(Input)

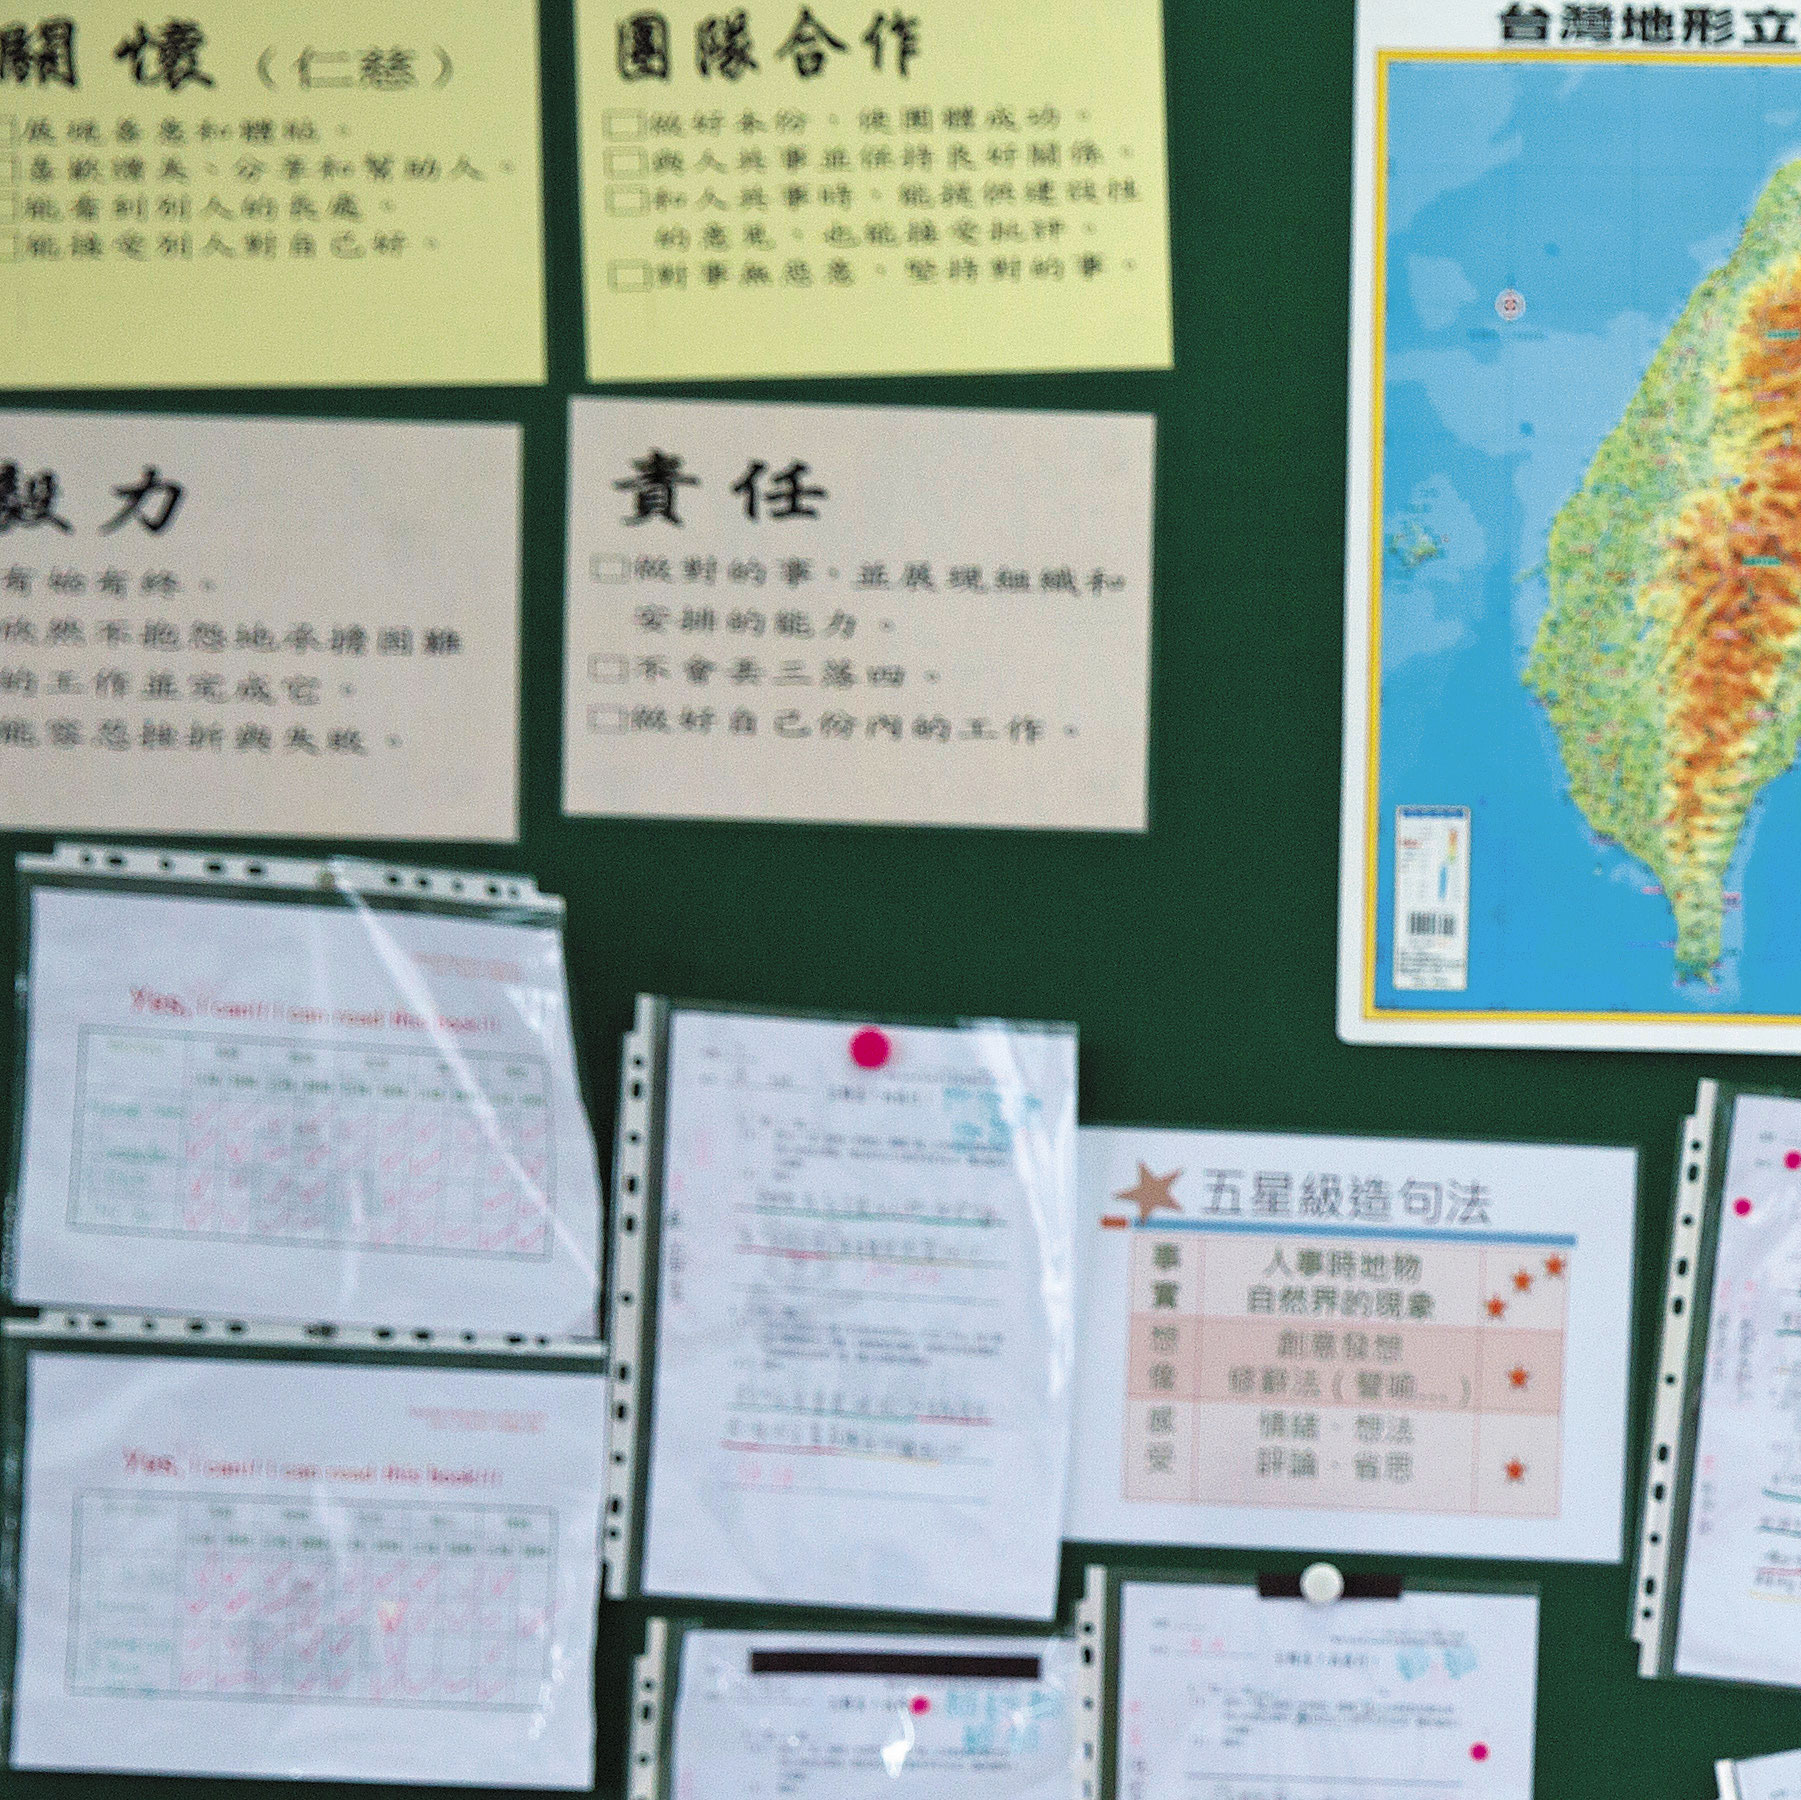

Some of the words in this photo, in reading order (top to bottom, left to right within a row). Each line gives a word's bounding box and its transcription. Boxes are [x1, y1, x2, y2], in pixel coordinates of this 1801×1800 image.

[0, 16, 218, 90] 關懷
[615, 8, 922, 82] 團隊合作
[613, 448, 829, 527] 責任
[1201, 1167, 1492, 1226] 五星級造句法
[1247, 1283, 1436, 1321] 自然界的現象

(End Input)

:: Task to complete ::
Word for word, copy every line of the data, excluding any pictures.

:: Task response ::
Some of the words in this photo, in reading order (top to bottom, left to right within a row). Each line gives a word's bounding box and its transcription. Boxes are [x1, y1, x2, y2], in pixel coordinates of this 1801×1800 image.

[0, 16, 218, 90] 關懷
[615, 8, 922, 82] 團隊合作
[613, 448, 829, 527] 責任
[1201, 1167, 1492, 1226] 五星級造句法
[1247, 1283, 1436, 1321] 自然界的現象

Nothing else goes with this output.